→ SUPPLIED DATA
------------

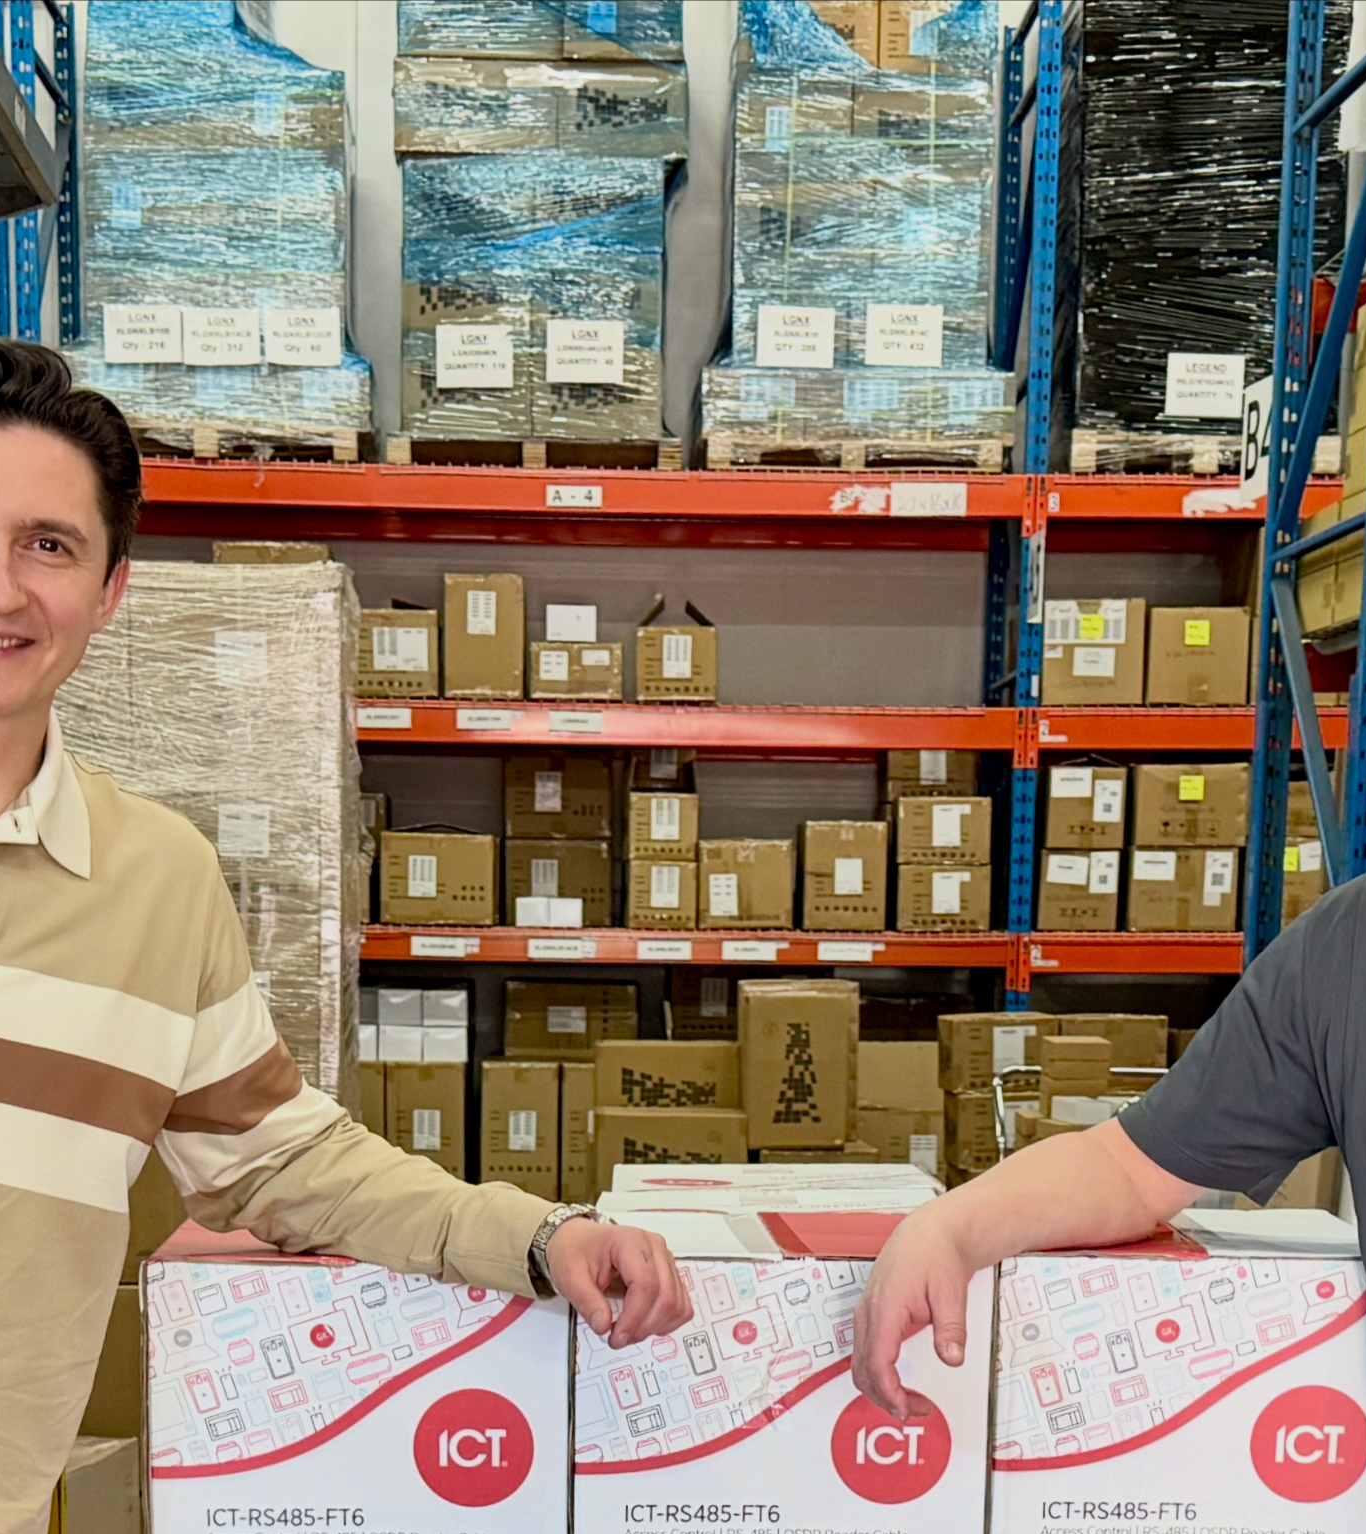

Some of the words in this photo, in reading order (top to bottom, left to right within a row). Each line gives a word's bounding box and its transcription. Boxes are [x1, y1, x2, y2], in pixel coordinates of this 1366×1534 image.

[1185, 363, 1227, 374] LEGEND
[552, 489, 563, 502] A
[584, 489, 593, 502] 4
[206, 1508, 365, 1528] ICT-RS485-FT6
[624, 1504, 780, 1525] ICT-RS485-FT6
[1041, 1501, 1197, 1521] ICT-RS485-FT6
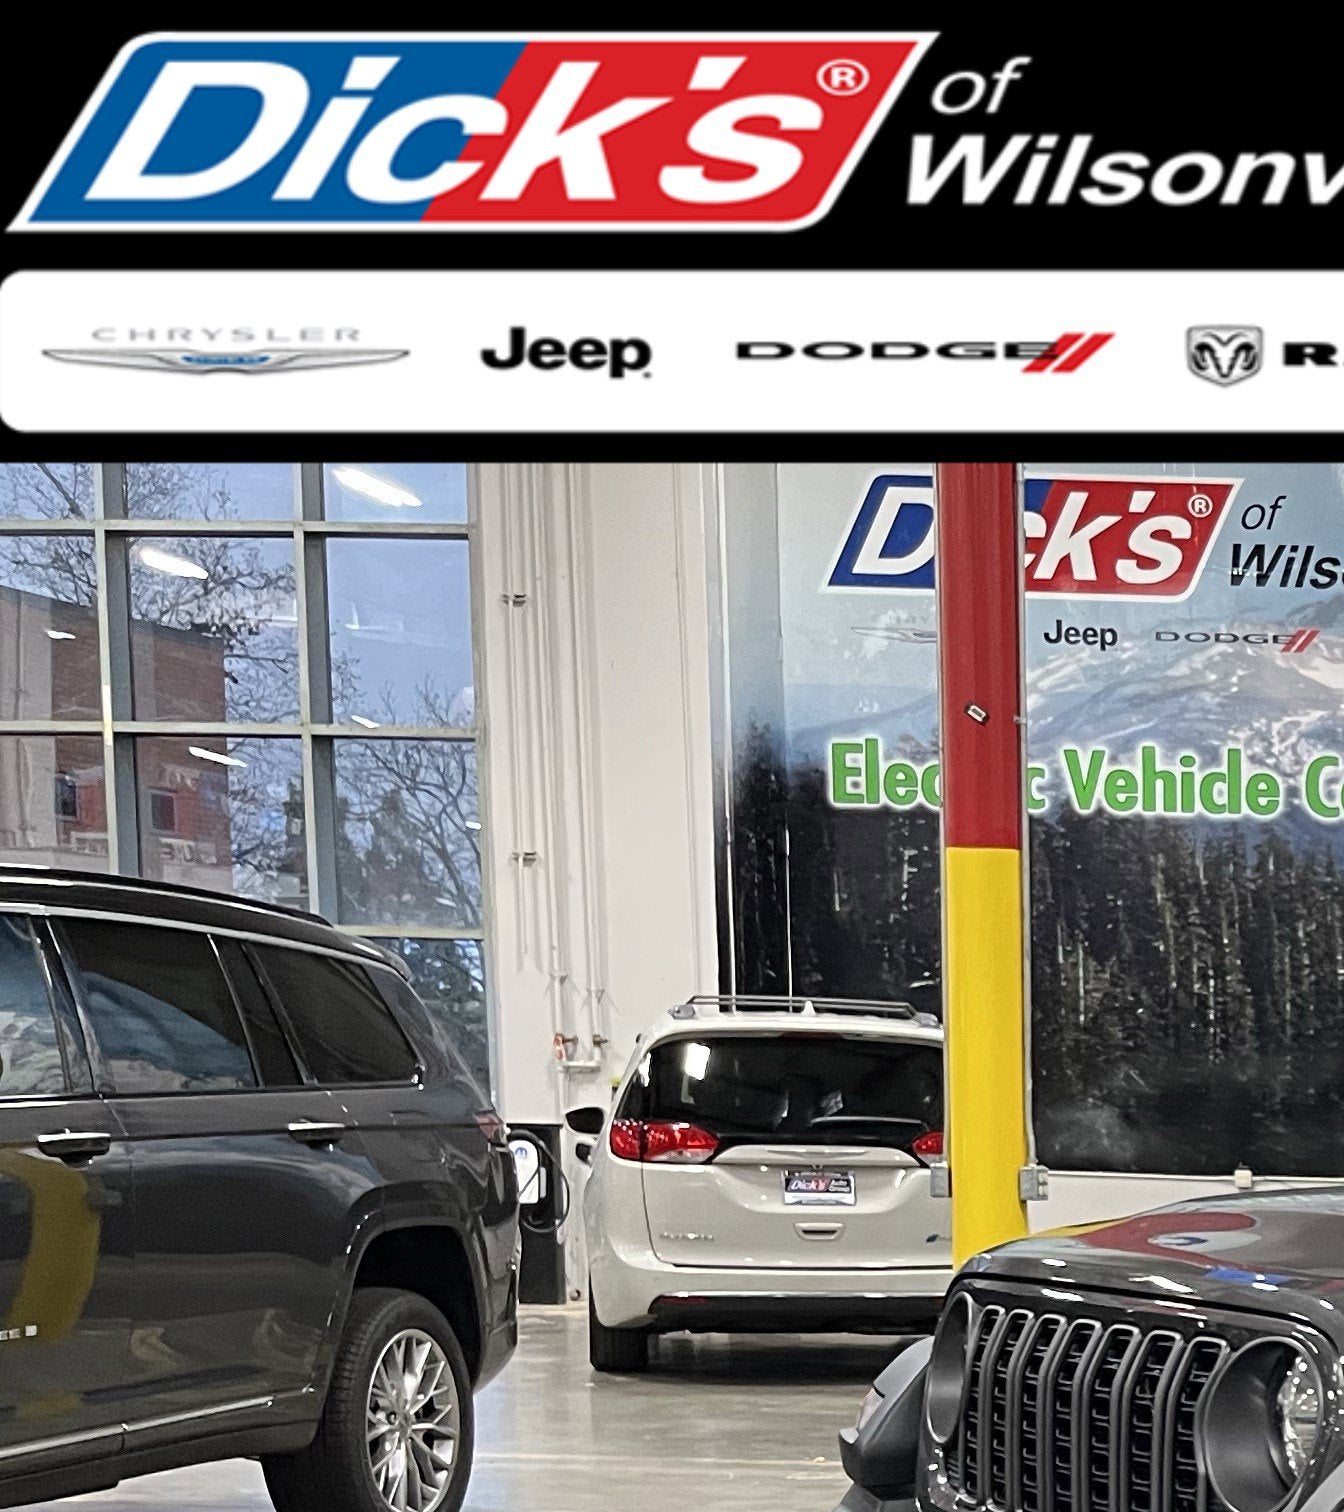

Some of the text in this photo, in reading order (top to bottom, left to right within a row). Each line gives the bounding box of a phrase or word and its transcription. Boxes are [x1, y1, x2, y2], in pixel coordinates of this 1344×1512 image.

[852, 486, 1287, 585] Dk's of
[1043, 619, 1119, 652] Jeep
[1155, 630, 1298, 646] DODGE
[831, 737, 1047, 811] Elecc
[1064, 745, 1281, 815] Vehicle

------------

→ ASSIGNMENT
Give back exactly the lines starting at the one with "Some of the text" and running to the end of the listing. Include both ends.

→ ANSWER
Some of the text in this photo, in reading order (top to bottom, left to right within a row). Each line gives the bounding box of a phrase or word and its transcription. Boxes are [x1, y1, x2, y2], in pixel coordinates of this 1344×1512 image.

[852, 486, 1287, 585] Dk's of
[1043, 619, 1119, 652] Jeep
[1155, 630, 1298, 646] DODGE
[831, 737, 1047, 811] Elecc
[1064, 745, 1281, 815] Vehicle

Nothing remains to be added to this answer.